Was I ready to step back into the shadow of Hudson’s world? Sure, it was only Lucas. He was safe. A friend of sorts. But there were memories attached to his heels that I’d have no choice but to face. Memories that only belonged to the inky darkness of night, when the stars were out and the pillows collected my tears.
I couldn’t confront them alone.
Safety in numbers, I thought when I brought up my recent call log. My finger hovered briefly over the phone number.
I let out a slow breath, gathered my thoughts, and then tapped the call button.
“Hello?”
“Hey, Mom. Do you have plans tonight?”
“THIS IS SO FANCY,” MOM said as she reached into the bucket and pulled out a bottle of expensive champagne. “And you said this friend of yours used to work at a diner in Florida?”
“He invests in stocks in his spare time,” I explained, jumping to the right as the cork my mother popped sailed past my ear.
“Oh my.” She giggled, froth spewing from the top. She was dressed in black linen pants and a floral silk top. Her red hair was twisted in an updo with a few curls loose,
framing her oval face. She was more vibrant than I remembered, like life had given her a makeover.
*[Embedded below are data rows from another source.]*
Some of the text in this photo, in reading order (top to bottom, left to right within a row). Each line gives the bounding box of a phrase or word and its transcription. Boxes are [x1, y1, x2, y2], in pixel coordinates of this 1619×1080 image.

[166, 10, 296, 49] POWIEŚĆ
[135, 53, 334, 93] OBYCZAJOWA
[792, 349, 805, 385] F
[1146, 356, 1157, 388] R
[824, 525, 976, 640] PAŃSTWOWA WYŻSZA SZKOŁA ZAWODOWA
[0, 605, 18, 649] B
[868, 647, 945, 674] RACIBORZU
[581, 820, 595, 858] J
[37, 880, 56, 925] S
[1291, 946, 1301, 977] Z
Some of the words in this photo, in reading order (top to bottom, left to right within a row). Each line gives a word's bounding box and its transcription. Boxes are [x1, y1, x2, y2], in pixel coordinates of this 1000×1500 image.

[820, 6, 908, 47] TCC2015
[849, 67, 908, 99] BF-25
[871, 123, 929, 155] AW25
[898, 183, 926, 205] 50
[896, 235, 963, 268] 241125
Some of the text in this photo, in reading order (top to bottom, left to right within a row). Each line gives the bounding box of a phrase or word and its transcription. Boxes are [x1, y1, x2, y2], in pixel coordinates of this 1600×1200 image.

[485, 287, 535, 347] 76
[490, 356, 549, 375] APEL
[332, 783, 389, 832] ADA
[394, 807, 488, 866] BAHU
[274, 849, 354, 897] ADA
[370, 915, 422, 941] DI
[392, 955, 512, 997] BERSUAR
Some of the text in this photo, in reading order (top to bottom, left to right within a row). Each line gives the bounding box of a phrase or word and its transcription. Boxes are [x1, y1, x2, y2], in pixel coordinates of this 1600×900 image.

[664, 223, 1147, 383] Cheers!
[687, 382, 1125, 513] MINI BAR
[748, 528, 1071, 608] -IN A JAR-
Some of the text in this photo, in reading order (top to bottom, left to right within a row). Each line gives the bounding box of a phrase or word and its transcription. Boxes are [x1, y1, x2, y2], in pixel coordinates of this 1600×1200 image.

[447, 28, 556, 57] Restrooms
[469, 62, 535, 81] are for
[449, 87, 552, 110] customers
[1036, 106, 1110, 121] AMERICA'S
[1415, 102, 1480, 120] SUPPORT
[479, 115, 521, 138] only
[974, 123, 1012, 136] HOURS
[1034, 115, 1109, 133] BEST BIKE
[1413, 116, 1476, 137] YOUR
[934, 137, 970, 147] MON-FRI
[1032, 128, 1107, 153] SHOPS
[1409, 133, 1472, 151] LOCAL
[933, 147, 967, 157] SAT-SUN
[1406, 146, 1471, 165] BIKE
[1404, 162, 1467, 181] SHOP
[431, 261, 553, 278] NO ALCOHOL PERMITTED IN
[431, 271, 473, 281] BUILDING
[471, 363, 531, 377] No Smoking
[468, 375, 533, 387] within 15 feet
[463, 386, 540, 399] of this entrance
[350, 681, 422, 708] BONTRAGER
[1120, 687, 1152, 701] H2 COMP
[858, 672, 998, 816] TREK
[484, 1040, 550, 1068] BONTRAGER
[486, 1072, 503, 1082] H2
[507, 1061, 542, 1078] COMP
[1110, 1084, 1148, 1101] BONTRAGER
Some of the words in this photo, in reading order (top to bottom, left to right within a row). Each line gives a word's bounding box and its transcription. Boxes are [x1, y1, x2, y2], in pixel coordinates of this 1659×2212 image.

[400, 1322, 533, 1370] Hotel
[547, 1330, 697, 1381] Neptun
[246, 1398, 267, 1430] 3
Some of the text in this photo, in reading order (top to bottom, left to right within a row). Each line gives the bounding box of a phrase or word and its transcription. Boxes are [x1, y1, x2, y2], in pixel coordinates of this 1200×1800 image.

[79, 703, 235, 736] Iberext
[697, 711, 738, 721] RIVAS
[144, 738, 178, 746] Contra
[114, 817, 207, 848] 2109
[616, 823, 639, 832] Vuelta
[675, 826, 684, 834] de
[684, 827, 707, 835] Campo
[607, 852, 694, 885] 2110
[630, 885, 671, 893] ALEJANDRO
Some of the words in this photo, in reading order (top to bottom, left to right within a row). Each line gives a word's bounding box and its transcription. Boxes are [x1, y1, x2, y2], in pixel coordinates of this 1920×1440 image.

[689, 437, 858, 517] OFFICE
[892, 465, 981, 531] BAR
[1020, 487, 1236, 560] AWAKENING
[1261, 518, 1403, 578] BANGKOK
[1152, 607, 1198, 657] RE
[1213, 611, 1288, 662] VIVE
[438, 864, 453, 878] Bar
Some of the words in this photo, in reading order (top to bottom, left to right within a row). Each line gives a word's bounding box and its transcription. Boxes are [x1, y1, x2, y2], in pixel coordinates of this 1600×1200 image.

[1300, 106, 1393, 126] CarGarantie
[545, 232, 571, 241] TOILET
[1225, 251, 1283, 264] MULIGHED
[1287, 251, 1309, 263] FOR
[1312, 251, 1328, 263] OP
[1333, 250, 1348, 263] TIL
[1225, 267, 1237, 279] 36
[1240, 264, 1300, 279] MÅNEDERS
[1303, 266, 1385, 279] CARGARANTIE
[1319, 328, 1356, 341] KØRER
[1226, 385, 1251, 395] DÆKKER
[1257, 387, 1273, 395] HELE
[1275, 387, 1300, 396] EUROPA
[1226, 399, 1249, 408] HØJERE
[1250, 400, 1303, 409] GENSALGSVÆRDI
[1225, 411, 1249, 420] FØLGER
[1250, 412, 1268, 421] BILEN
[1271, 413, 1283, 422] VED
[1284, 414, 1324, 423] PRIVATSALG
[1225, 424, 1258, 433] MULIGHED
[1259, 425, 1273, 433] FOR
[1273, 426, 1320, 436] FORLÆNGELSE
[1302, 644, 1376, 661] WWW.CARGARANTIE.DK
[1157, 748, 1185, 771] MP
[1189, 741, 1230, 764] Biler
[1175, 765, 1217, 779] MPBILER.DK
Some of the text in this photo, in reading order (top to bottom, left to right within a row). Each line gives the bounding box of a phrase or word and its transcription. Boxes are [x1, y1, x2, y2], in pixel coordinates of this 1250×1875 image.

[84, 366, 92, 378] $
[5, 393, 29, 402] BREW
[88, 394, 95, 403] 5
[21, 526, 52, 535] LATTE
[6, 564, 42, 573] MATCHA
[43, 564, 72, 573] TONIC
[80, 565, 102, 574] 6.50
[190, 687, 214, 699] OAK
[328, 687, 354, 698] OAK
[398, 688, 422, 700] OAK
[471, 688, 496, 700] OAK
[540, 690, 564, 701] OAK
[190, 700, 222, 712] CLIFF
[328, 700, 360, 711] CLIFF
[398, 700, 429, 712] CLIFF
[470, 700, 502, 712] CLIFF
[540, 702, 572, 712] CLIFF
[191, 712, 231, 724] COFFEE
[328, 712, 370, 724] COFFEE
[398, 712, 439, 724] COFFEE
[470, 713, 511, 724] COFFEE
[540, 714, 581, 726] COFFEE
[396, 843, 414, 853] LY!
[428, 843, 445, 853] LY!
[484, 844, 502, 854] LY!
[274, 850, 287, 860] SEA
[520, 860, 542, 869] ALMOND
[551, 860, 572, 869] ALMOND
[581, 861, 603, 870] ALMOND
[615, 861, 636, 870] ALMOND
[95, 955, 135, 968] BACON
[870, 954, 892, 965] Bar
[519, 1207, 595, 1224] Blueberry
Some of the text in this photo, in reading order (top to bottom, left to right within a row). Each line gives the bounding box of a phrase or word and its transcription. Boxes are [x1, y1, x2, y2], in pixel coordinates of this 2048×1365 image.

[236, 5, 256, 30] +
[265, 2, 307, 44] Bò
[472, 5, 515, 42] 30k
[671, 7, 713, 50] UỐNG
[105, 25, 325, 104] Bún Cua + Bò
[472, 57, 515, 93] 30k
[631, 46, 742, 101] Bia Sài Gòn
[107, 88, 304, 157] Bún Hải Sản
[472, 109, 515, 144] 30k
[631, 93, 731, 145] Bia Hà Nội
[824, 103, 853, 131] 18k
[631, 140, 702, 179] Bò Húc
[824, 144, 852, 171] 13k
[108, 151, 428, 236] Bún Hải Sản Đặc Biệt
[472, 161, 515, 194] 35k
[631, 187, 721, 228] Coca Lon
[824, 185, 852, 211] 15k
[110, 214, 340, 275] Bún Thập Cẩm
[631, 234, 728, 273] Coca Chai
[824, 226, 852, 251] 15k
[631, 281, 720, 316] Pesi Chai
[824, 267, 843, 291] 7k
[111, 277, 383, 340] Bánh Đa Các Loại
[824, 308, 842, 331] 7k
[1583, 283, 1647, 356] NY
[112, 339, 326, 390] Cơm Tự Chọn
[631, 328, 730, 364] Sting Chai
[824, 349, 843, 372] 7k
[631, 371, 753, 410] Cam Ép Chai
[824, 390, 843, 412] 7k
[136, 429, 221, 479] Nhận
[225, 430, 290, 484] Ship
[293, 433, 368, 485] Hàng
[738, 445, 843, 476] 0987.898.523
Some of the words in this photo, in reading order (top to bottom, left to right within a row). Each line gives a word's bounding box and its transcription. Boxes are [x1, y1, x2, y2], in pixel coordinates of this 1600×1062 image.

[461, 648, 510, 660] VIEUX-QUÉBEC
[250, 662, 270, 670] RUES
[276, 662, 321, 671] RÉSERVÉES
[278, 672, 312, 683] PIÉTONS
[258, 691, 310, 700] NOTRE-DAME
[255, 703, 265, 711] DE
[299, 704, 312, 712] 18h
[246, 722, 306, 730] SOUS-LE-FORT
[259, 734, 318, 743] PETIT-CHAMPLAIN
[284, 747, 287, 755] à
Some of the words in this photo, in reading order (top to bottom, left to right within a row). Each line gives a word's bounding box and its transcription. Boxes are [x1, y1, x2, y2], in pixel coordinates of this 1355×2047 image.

“Mom.” I grabbed a towel, wrapping it around the neck of the bottle. Sometimes I felt like I was more of the mother than she was. “This isn’t our limo. We shouldn’t be messing with stuff.”
“What?” She feigned innocence. “Clearly this friend of yours meant for this to be consumed. Otherwise, it wouldn’t be back here. Live a little, for Christ’s sake.”
She filled two flutes, and then handed one to me.
I downed it.
She was right there, topping me off again before taking a sip from hers.
“Since when do you drink?” I asked, watching as she gingerly sipped from her glass.
“What are you? The drinking police? I can have champagne if I want.” A healthy flush spread along her collarbone. It always did when she drank alcohol, even just a sip.
It felt funny, watching this new person in front of me. Her eyes were lit up. Her frown left somewhere in the dust of her past. It made me think about love, and its power to heal. I had that chance, and I ran from it like a coward.
“So, tell me. Why the nerves?” Her voice was a wench, pulling me from the sludge of my memories.
I watched the city lights pass by in a starry blur behind her. A symphony of colors, the vein of the city pumping excitement into the night air. “What nerves?” I asked, tone neutral. Face pressed in blank lines.
She pursed her lips at me, the air giggling between us. Of course I wouldn’t be able to slide one past her. That was the art of motherhood. Eyes-on-the-back-of-their-head kind of thing.
“Hartley, I’m your mother. I know you. You haven’t stopped fidgeting since you got in this limo.”
We turned onto Hollywood Boulevard, and my heart leapt into my throat. “I’m not fidgeting.” I read the names of the buildings behind her. Tried to focus on anything other than how close we were to our destination.